"Golf is my boyfriend right now"
About this Quote
The intent is half boundary-setting, half self-mockery. It’s a preemptive answer to the questions athletes, especially women, get asked far too often: Are you dating? When will you settle down? Webb reframes the premise. If you’re looking for the central relationship in her life, it’s already booked. That’s not an apology; it’s a prioritization.
The subtext is about trade-offs and control. Calling golf a boyfriend makes the sport sound intimate and possessive, even a little jealous, because that’s how high-level competition behaves. It demands exclusivity: early mornings, constant travel, an obsessive relationship with tiny technical changes that can feel like mood swings. The line also suggests companionship. On tour, routines replace stability; the game becomes the one constant you carry city to city.

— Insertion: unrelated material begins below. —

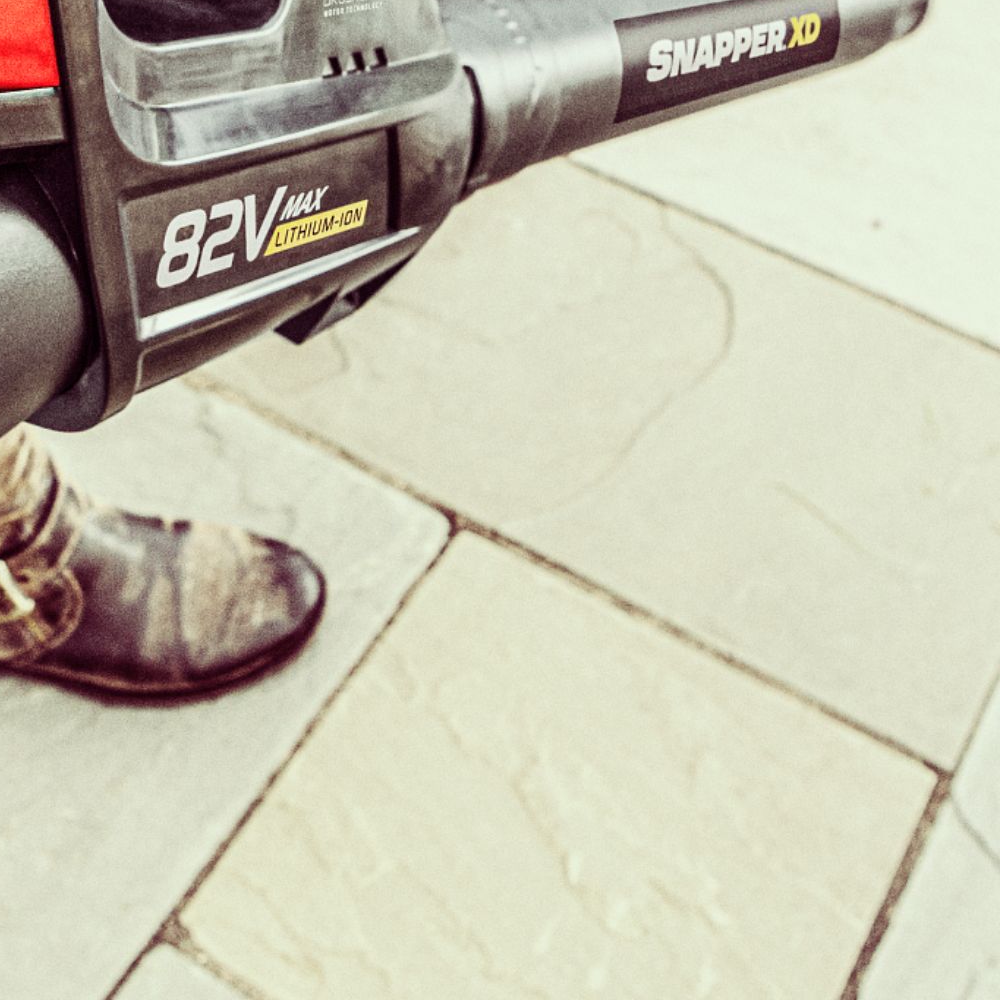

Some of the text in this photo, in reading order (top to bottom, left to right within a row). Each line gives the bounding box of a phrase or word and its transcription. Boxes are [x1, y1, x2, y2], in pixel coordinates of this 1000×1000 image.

Context matters: women athletes have long had their ambition treated as a phase, something to be balanced against a “real” personal life. Webb flips that script with one pop-culture metaphor. It’s funny, but it’s also armor: a way to claim seriousness without sounding defensive, and to make the cost of excellence legible in one sentence.
Quote Details
| Topic | Witty One-Liners |
|---|---|
| Source | Help us find the source |
| Cite |
Citation Formats
APA Style (7th ed.)
Webb, Karrie. (2026, January 17). Golf is my boyfriend right now. FixQuotes. https://fixquotes.com/quotes/golf-is-my-boyfriend-right-now-69758/
Chicago Style
Webb, Karrie. "Golf is my boyfriend right now." FixQuotes. January 17, 2026. https://fixquotes.com/quotes/golf-is-my-boyfriend-right-now-69758/.
MLA Style (9th ed.)
"Golf is my boyfriend right now." FixQuotes, 17 Jan. 2026, https://fixquotes.com/quotes/golf-is-my-boyfriend-right-now-69758/. Accessed 27 Mar. 2026.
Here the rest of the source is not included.